A few days ago, Niantic (of Ingress fame vague familiarity) unleashed Pokémon Go on the world.

If you’ve been living on a rock for the past week, Pokémon Go is the latest phase of the popular Japanese Pokémon (“Pocket Monsters”) franchise, which has been around since the late 1990s. The twist with this latest version, though, is that it uses real-world places as the playing field for the game. Players walk around their neighborhoods, searching for virtual Pokémon that the game superimposes on the real world.

Ran across this guy (turned out to be something called a Grimer) on campus. There are some weird ones out there!

Ran across this guy (turned out to be something called a Grimer) on campus. There are some weird ones out there!

It’s perhaps the first truly popular Augmented Reality (AR) game — and judging from the overwhelmingly positive response, it’s leading the way to a whole new genre of gaming that has the potential to completely reshape what we think of gaming.

Like any nascent paradigm shift, though, Pokémon Go and similar AR games are not without their potential hazards. Here are my thoughts — on the good and bad — after an evening or so playing Pokémon Go.


It gets geeks like me out and about
This is probably the biggest point in the game’s favor. You progress in the game largely by walking around. Whereas more traditional games like Skyrim have sometimes been criticized as “walking simulators,” there’s nothing simulated about the walking Pokémon trainers are doing, tracking down that elusive, rare … seventeenth Ratatta in a row.

It teaches you local geography and history
Pokéstops — important nodes in the game where you can obtain items for free — correspond to points of interest on Google Maps. It’s unclear exactly how these points were chosen, but churches seem to be favorite slots, as do many of Philadelphia’s murals. I’ve learned perhaps half a dozen interesting things about Mantua, Powelton Village, and West Philadelphia in general just by playing.

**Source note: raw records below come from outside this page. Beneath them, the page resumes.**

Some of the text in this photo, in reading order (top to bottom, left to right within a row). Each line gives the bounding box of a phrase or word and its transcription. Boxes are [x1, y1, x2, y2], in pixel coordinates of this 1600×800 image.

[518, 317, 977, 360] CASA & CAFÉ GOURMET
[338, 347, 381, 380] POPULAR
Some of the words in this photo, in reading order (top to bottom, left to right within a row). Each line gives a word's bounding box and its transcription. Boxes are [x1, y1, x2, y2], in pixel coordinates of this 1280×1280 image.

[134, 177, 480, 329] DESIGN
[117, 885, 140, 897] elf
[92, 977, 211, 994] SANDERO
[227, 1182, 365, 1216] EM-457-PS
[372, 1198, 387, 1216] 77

…as long as you watch where you’re going
I strongly recommend playing in a safe area. Many people have commented how college campuses are awesome places to play. Presumably they were talking about the proximity of so many players (with lures, etc) to points of interest. However, another good reason to play on campus is because of the security. If you’re walking around, keeping out of traffic, and trying to find that Pikachu that someone said was over on this side of town, you’re probably not as aware of all of the people around you as you should be — and not all people are to be trusted. It’s important not to become a smartphone zombie. Stick your head outside your digital bubble and look around once in a while. Watch your six.

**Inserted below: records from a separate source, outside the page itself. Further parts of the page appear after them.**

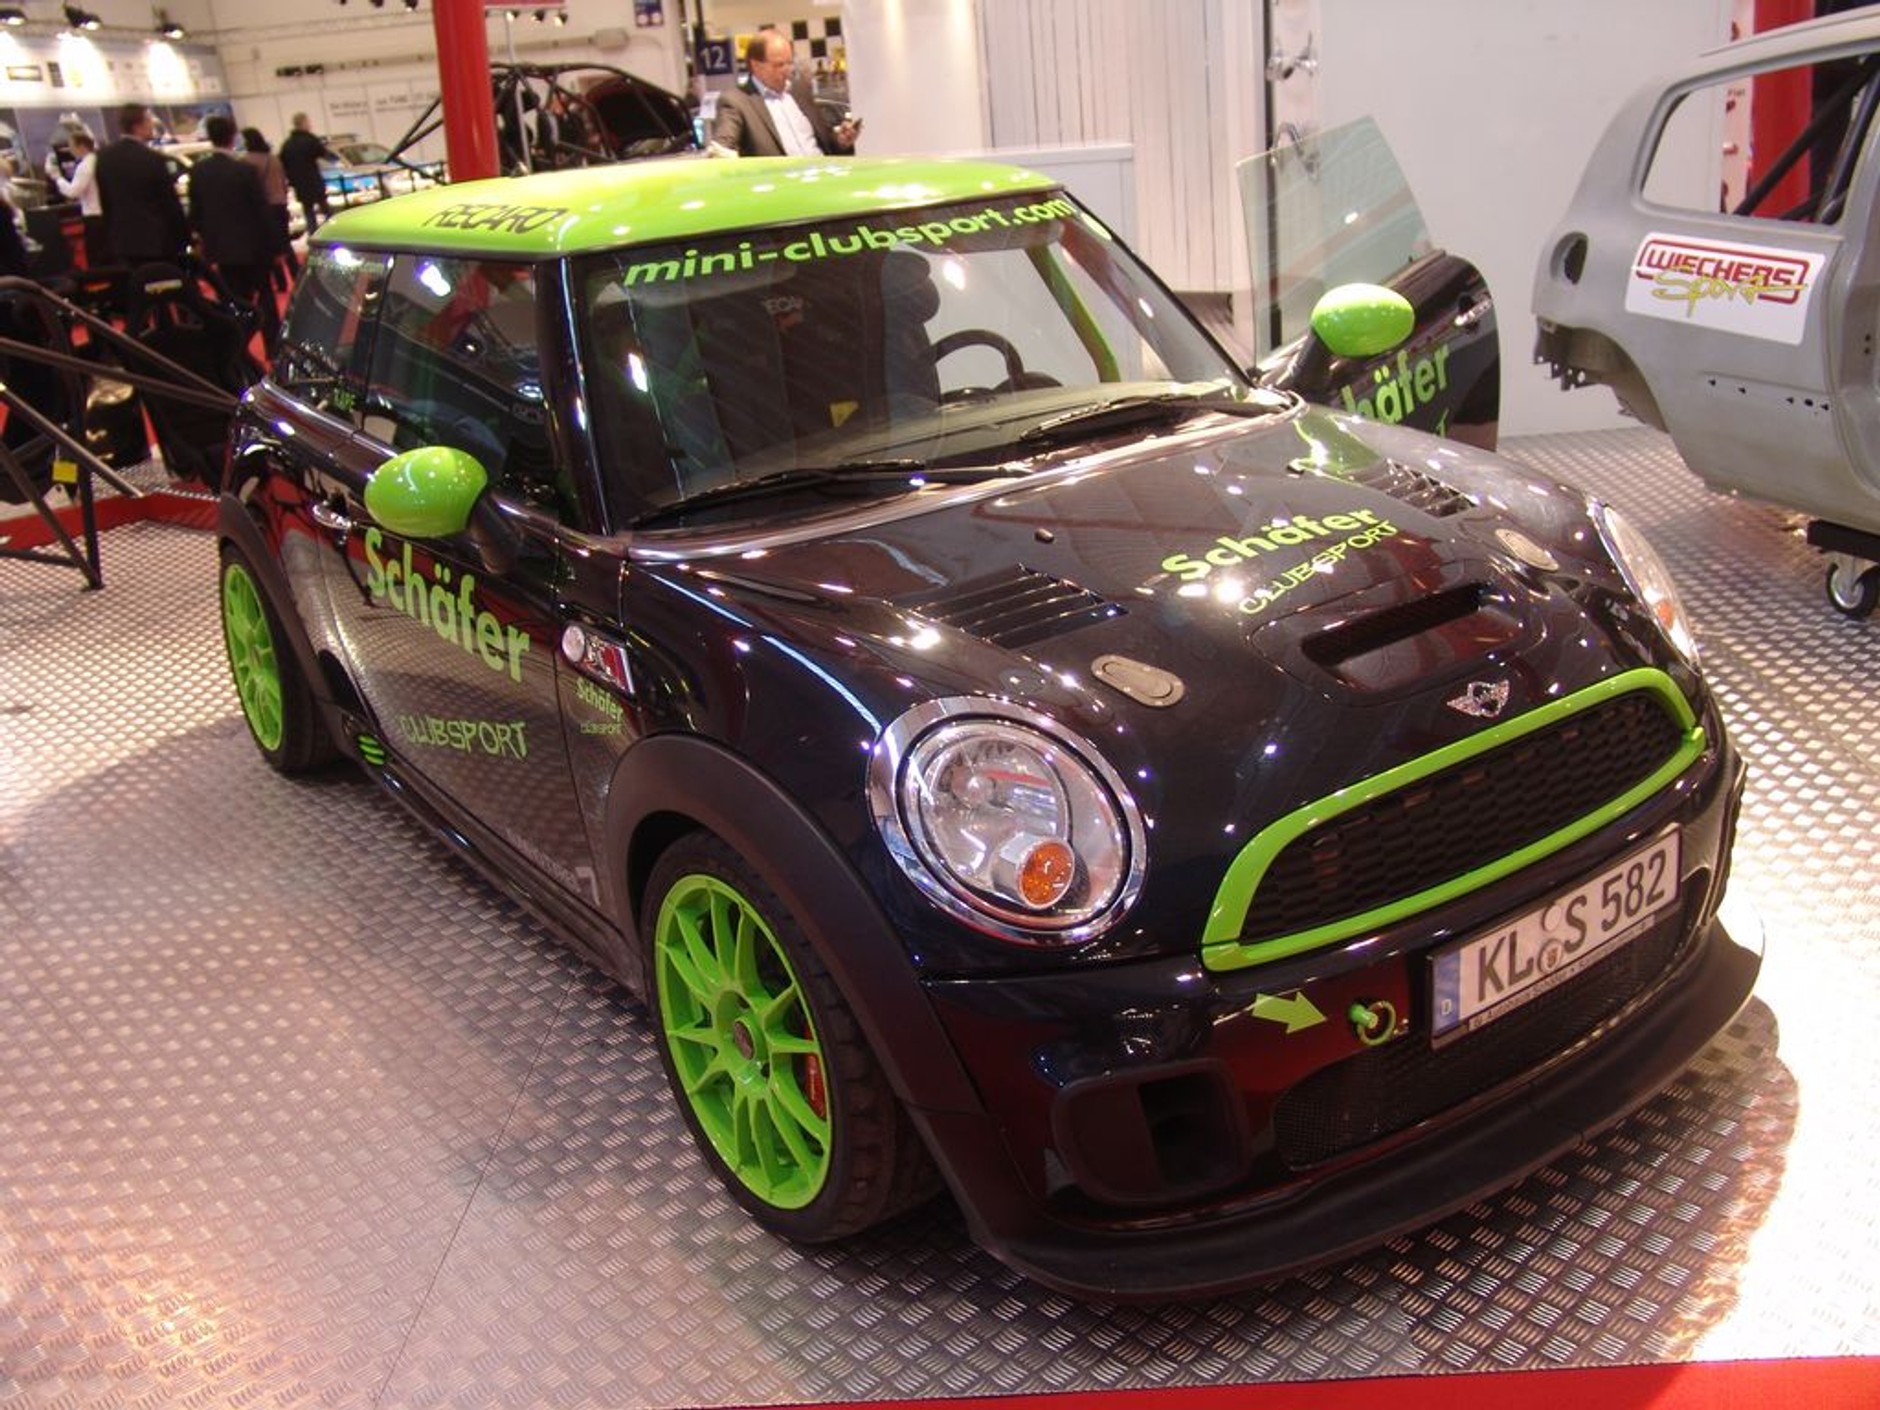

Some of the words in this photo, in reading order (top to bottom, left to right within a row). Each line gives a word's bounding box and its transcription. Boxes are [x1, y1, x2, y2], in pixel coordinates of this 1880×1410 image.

[701, 46, 727, 70] 12
[624, 199, 1077, 286] mini-clubsport.com
[1646, 250, 1794, 288] WIECHERS
[1341, 344, 1449, 423] häfer
[1162, 508, 1378, 580] Schäfer
[1238, 520, 1398, 614] CLUBSPORT
[365, 527, 530, 683] Schäfer
[400, 712, 527, 759] CLUBSPORT
[1478, 930, 1534, 1002] KL
[1564, 895, 1588, 954] S
[1601, 849, 1666, 933] 582

…and if the servers aren’t on fire.
I feel sorry for whomever Niantic contracted to for their data services. Because from the look of things client-side, their data centers are probably about to melt through the floor. Quite a few of the people I saw outside — possibly as many as 10-20% — were also playing. There’s no question it’s very popular. So much so, that people have set up websites tracking whether the servers are currently up or down.

Some of the dynamics raise security concerns
Players walk around in the real world while playing. They are free to go wherever they choose — but obviously, some directions are going to have more points of interest than others. It’s also possible to track down Pokémon in your area by looking for “rustling leaves” on the screen.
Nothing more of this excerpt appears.